### MATERIAL SUPPLIED
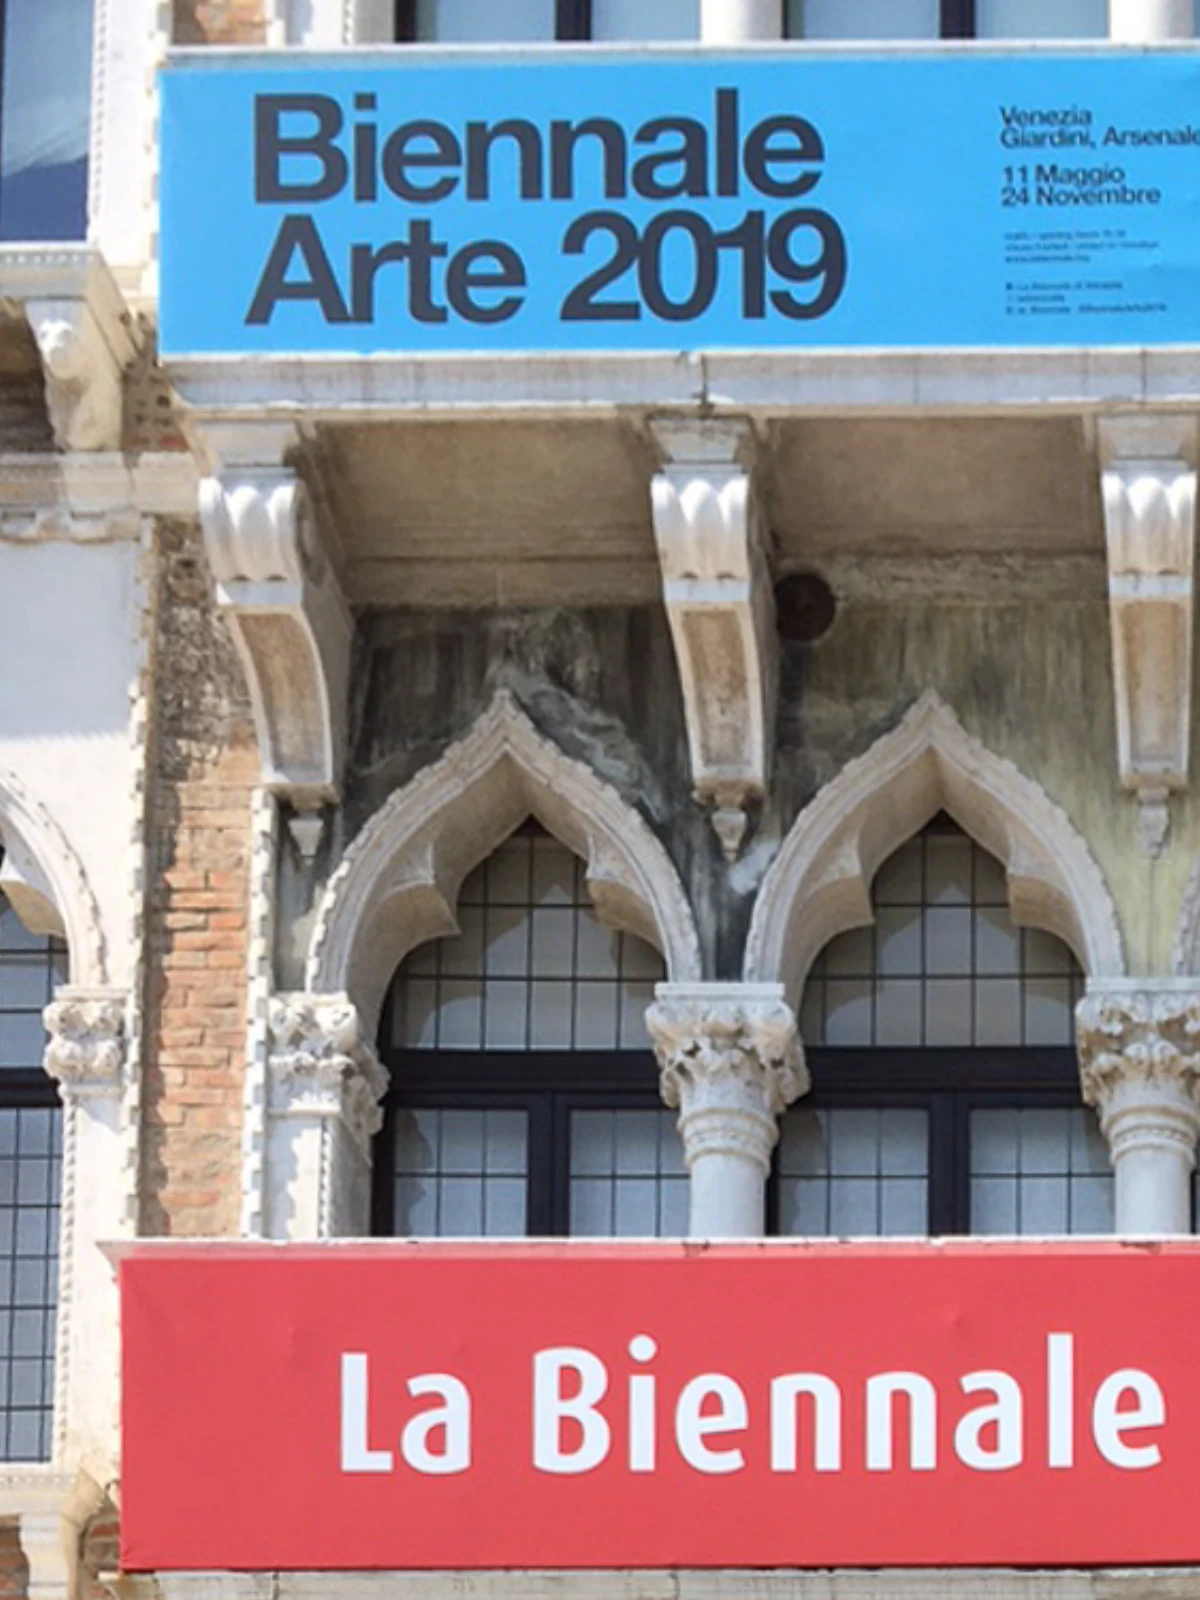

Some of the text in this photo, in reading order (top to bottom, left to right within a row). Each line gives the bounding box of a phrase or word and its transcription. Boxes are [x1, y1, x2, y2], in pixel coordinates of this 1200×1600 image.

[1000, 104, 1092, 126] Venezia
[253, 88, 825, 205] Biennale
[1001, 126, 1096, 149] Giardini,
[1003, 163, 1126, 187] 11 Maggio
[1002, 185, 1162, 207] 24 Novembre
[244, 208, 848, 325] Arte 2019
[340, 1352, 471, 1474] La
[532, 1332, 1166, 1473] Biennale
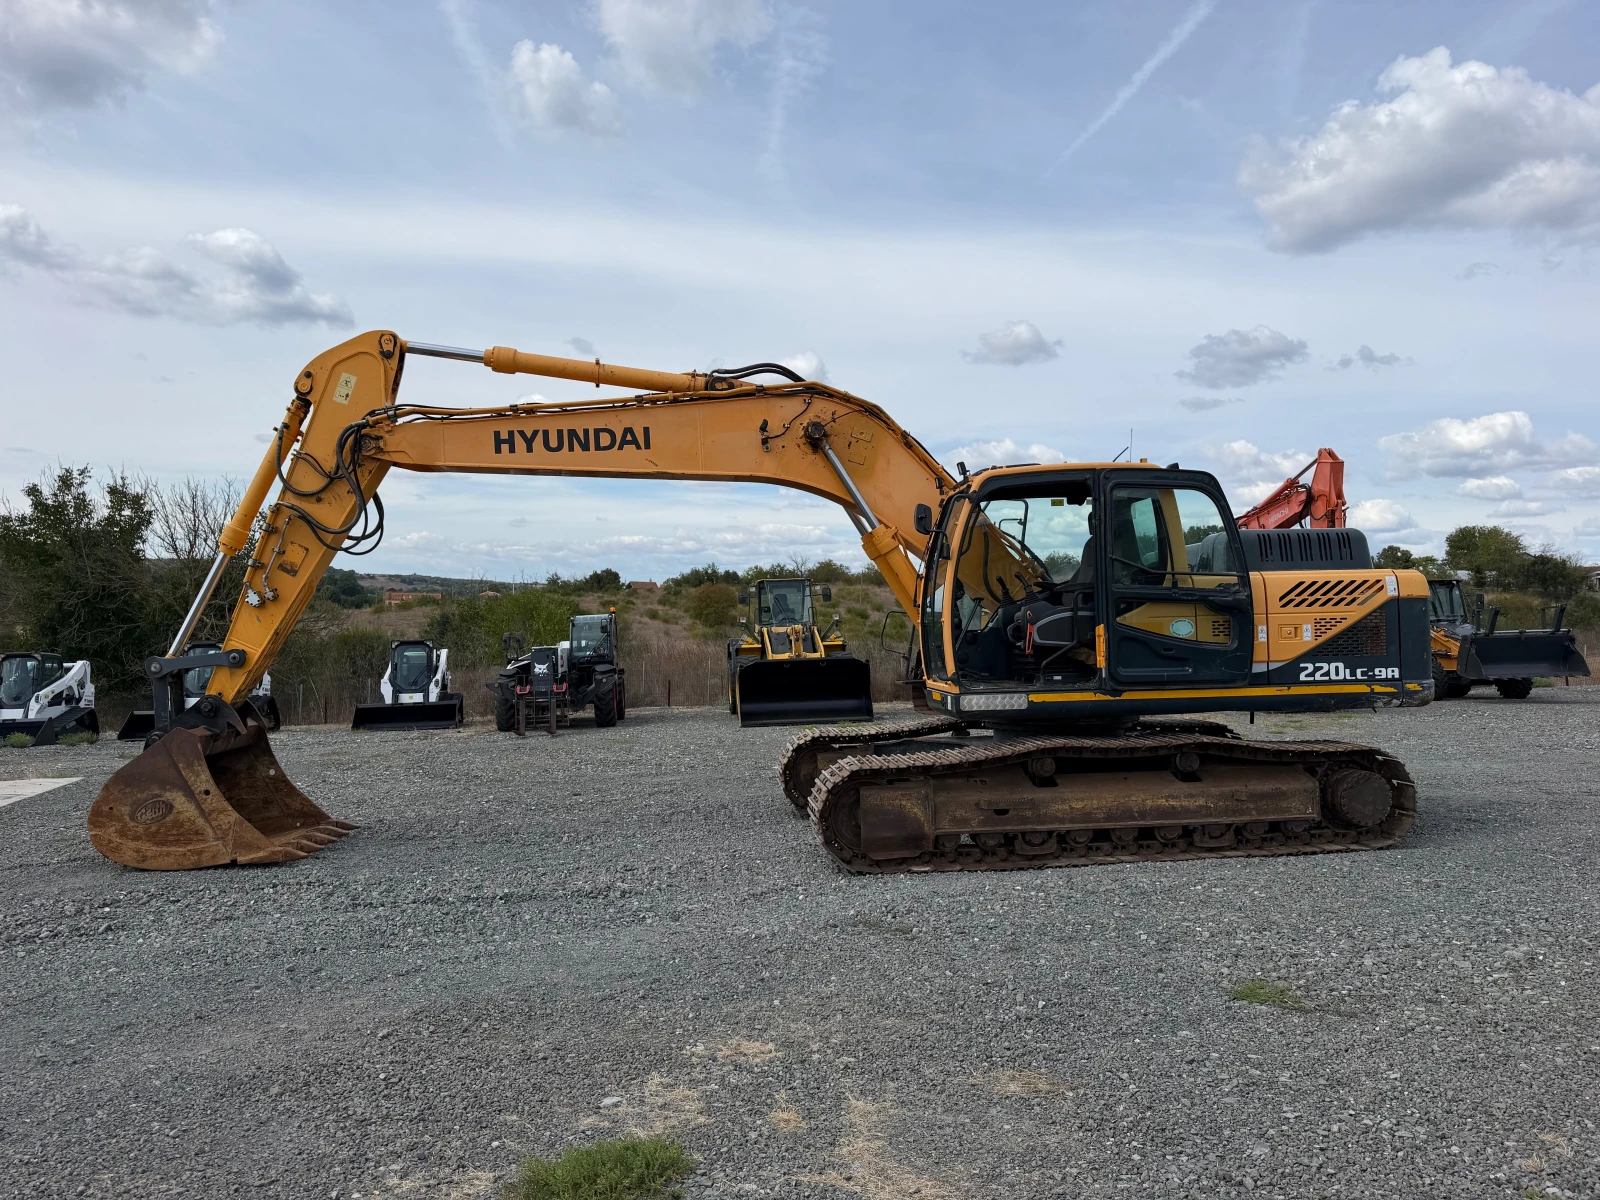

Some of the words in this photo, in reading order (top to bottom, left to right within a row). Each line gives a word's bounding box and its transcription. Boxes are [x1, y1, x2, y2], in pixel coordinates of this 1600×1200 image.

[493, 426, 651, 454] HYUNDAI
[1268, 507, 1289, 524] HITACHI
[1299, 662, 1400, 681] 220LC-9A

### PROBLEM
Write out all the entries exactly, except for the pictures.

### ANSWER TO THIS EXERCISE
Some of the text in this photo, in reading order (top to bottom, left to right within a row). Each line gives the bounding box of a phrase or word and its transcription. Boxes are [x1, y1, x2, y2], in pixel coordinates of this 1200×1600 image.

[1000, 104, 1092, 126] Venezia
[253, 88, 825, 205] Biennale
[1001, 126, 1096, 149] Giardini,
[1003, 163, 1126, 187] 11 Maggio
[1002, 185, 1162, 207] 24 Novembre
[244, 208, 848, 325] Arte 2019
[340, 1352, 471, 1474] La
[532, 1332, 1166, 1473] Biennale

Some of the words in this photo, in reading order (top to bottom, left to right within a row). Each line gives a word's bounding box and its transcription. Boxes are [x1, y1, x2, y2], in pixel coordinates of this 1600×1200 image.

[493, 426, 651, 454] HYUNDAI
[1268, 507, 1289, 524] HITACHI
[1299, 662, 1400, 681] 220LC-9A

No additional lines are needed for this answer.